Monday, Feb. 09, 1942
Birthday. Franklin D. Roosevelt; his 60th; in Washington.
Born. To Austrian Skiing Ace Siegfried Buchmayr and British Mary Banbury Buchmayr: male triplets; in Littleton, N.H.
Divorced. By Cinemactress Nancy Kelly, 20: Cinemactor Edmond O'Brien, 26; in Los Angeles.
Divorced. By Orator Francis Woodward, 56, multimillionaire gelatin heir (Jell-O): Mary Trask Woodward, his second wife; in Reno. Reported to have settled $1,000,000 on his first wife, Persis Davis Woodward, he was ordered last June to pay Wife No. 2 $42,000 a year separate maintenance.
Died. Stacy Woodard, 39, co-producer with his brother, Horace, of scientific cine-shorts (The Struggle for Life, The City of Wax); of a heart attack; in Manhattan. Woodard was photographer of the documentary The River.
Died. Marion Sayle Taylor, 52, radio's "Voice of Experience"; of a heart attack; in Hollywood. Squat, rain-barrel-voiced, he dispensed advice on everything from cookery to marital relations, at the peak of his popularity a few years ago drew from listeners some 30,000 anxious letters a week. He was married three times, divorced twice.
Died. Paul Knabenshue, 58, U.S. Minister to Iraq; of tetanus after an operation; in Bagdad. He signed the first commercial treaty between the U.S. and Iraq in 1938.
Died. Mrs. Hranoush Aglaganian Sidky Bey ("Madame Bey"), sixtyish, beetle-browed, square-rigged operator of the famed Bey's Training Camp for prize fighters near Summit, N.J.; of a heart attack; in Morristown, N.J. Widow of a onetime Turkish Consul General in New York, she had fed and mothered fighters on her farm for nearly 20 years. Among her "boys" were Tunney, Camera, Berlenbach, Schmeling, Battling Siki. She never bet on a fight.

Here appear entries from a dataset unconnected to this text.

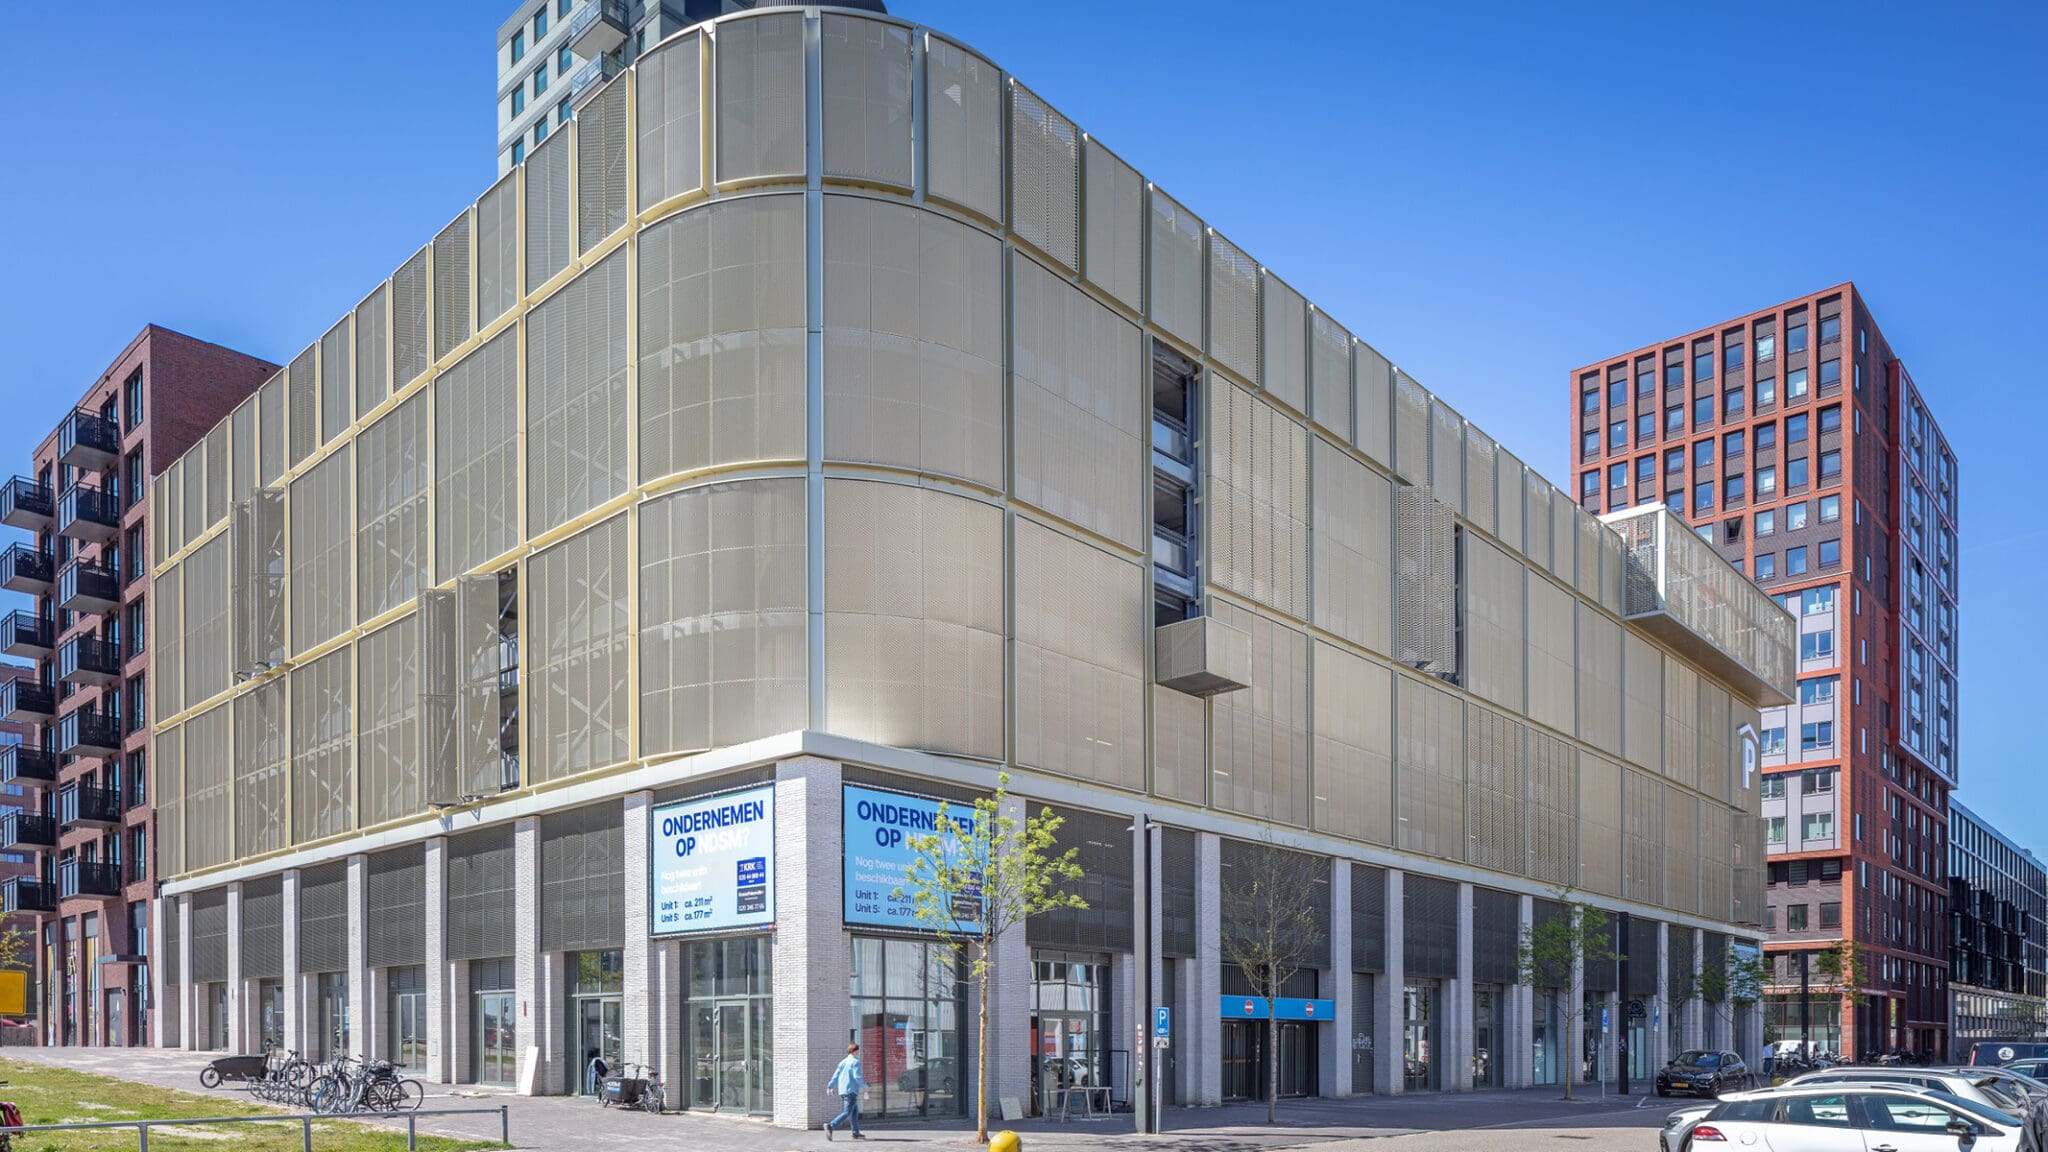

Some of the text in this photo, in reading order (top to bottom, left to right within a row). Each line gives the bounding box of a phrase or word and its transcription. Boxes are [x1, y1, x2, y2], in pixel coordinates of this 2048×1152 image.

[663, 800, 764, 837] ONDERNEMEN
[675, 827, 751, 857] OP NDSM?
[875, 827, 902, 848] OP
[855, 856, 874, 870] Nog
[875, 859, 896, 871] twee
[855, 871, 909, 887] beschikbaar
[661, 901, 673, 910] Unit
[674, 900, 679, 909] 1:
[694, 897, 704, 907] 211
[855, 890, 871, 900] Unit
[873, 891, 879, 901] 1:
[900, 894, 911, 904] 211
[661, 914, 673, 923] Unit
[674, 913, 680, 922] 5:
[684, 912, 694, 920] ca.
[694, 910, 703, 920] 177
[855, 903, 871, 913] Unit
[872, 905, 880, 913] 5:
[887, 907, 898, 915] ca.
[899, 907, 911, 916] 177
[1159, 1010, 1167, 1026] P
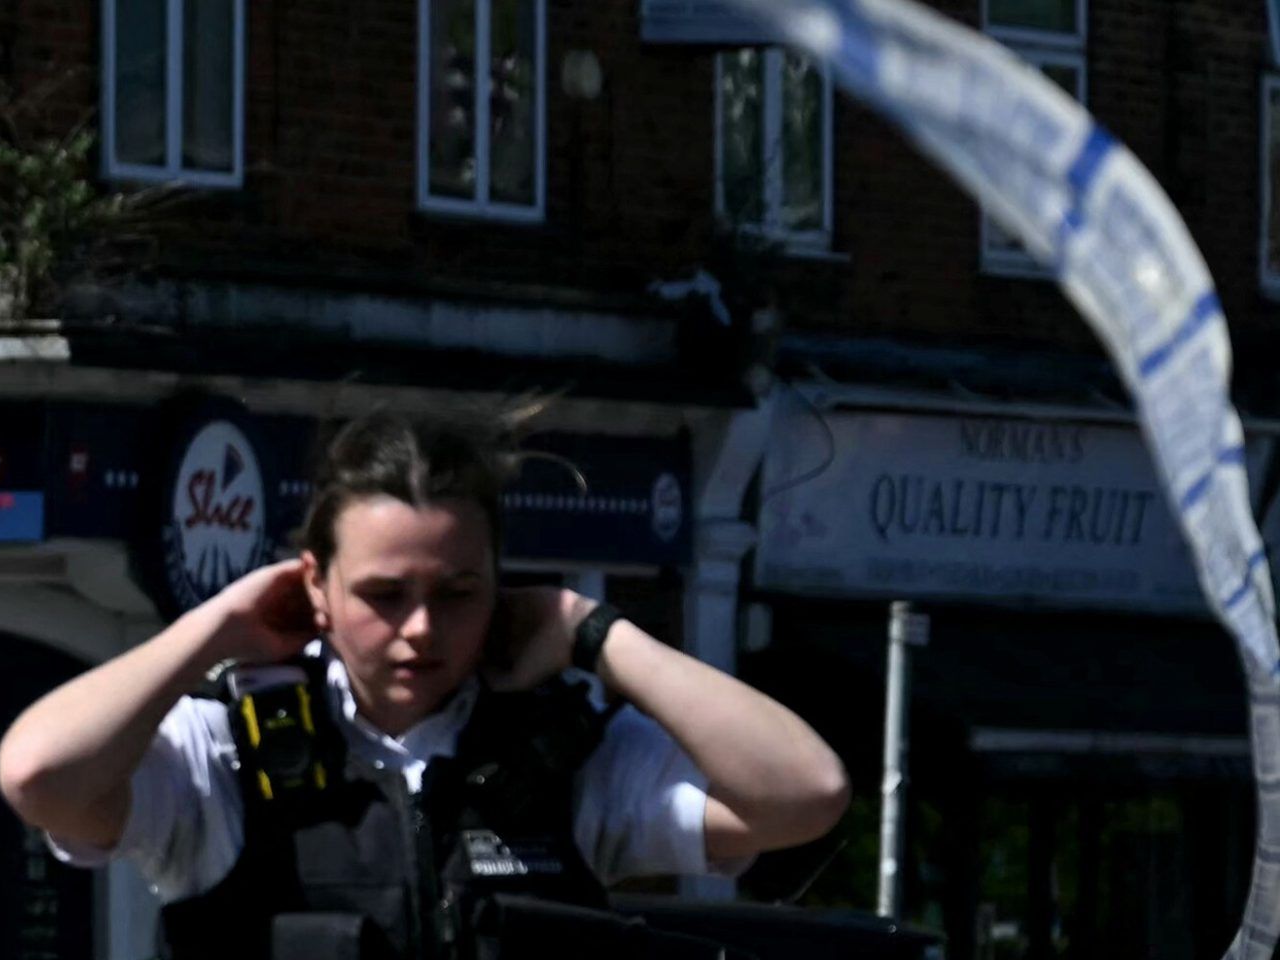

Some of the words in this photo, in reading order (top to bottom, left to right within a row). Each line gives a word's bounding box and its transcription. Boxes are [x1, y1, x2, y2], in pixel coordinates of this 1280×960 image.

[185, 469, 255, 532] Slice
[871, 474, 1037, 544] QUALITY
[1045, 485, 1158, 546] FRUIT

Died. Major General Mason Mathews Patrick, 78, first Chief of the Army Air Service; in Washington. General Pershing put him in charge of A.E.F. Air Force development in World War I; starting with a handful of "flying coffins," he boosted the force to 45 battle-worthy squadrons in 18 months. He trained as a flyer and qualified as a pilot when he was 58.
Left. By Circusman John Ringling; to the State of Florida: some $20,000,000, the bulk of his estate. A $5,000 annuity was left to a sister, Ida Ringling North, in a codicil to an original will that left her half the estate.